Hi everybody :tiphat:

I'm new in this forum, this is my first post and I hope not the last one.

This is my first compo published. I hope you'll enjoy.

like, subscribe, share if you like it and don't forget to comment :i need your criticism. Thanks


----------



## Vasks (Dec 9, 2013)

Baccouri said:


> This is my first compo published. I hope you'll enjoy.


By "compo published" do you mean that an established publishing company has issued it (score and parts for sale by the company), or self-published score and parts or something else?


----------



## Baccouri (May 30, 2017)

I just mean that it's my first score I share with others on internet. Let's stay humble: I still have a lot of work to be published by a company ( I hope however that I will)


----------



## dzc4627 (Apr 23, 2015)

Are those extreme dynamic waves notated specifically by you? Or are they just part of the soundset? Because if the former, you definitely would want to scale back.

Good work overall. I'd say you need a major key thematic section in there though.


----------



## Baccouri (May 30, 2017)

thank you dzc4627 for your comment


----------



## KjellPrytz (Dec 16, 2016)

Very beautiful and passionate. I wonder why your first post is the 2nd movement.
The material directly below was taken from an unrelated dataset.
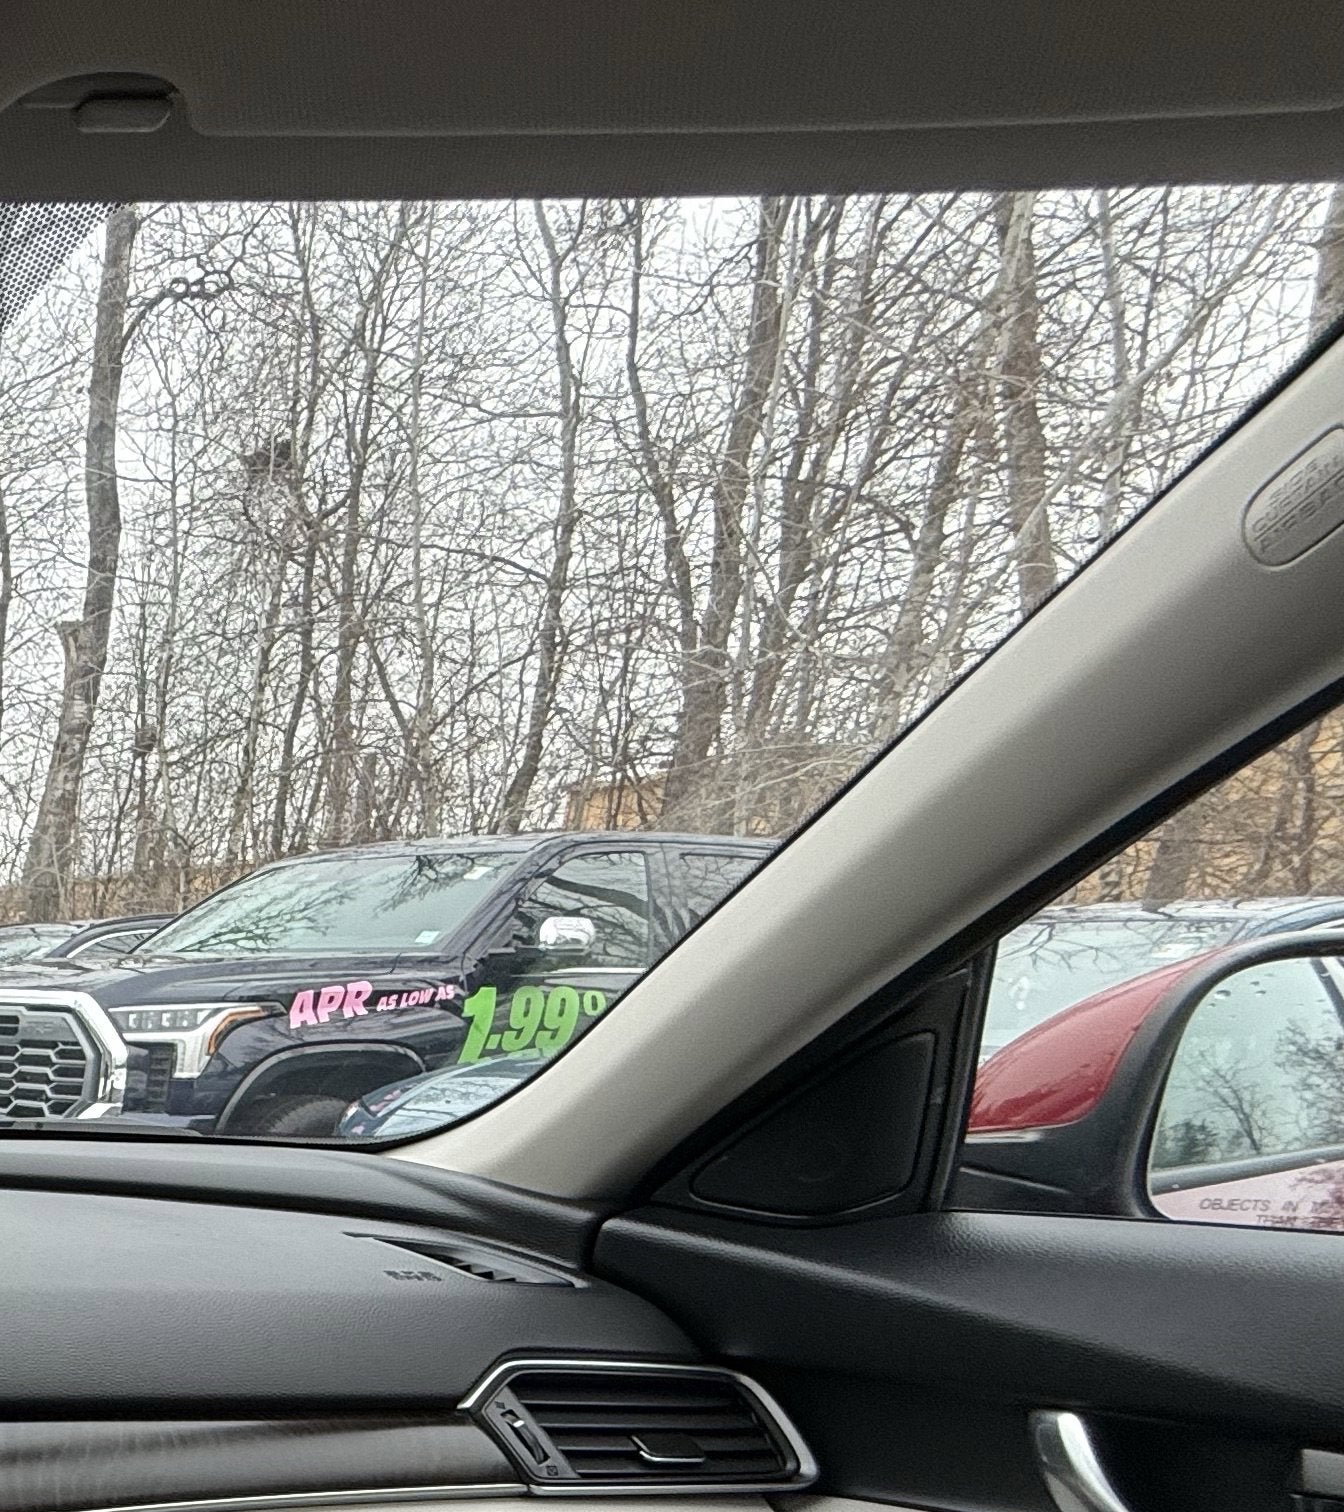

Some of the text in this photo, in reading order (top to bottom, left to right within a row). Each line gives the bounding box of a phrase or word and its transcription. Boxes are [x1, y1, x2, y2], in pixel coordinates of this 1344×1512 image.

[289, 980, 455, 1030] APR AS LOW AS
[1198, 1198, 1271, 1212] OBJECTS
I would like to hear the 1st movement too.

Greetings,
Kjell


----------



## Baccouri (May 30, 2017)

Hey Kjell,
In Fact, the first mouvement is not entirely written neither imported in Fl studio and that requiers a lot of time.
Thanks


----------



## sjwright (Jun 9, 2017)

The string section is very beautiful. However, the piano part is nice, but it seems too simplistic. I'd like to hear more embellishment. Your sound quality is pretty good, what software do you use?


----------



## Baccouri (May 30, 2017)

I'm using FL Studio 12 + EWQLSO.
I'll remak this compo only for piano, and we'll see what will happen.


----------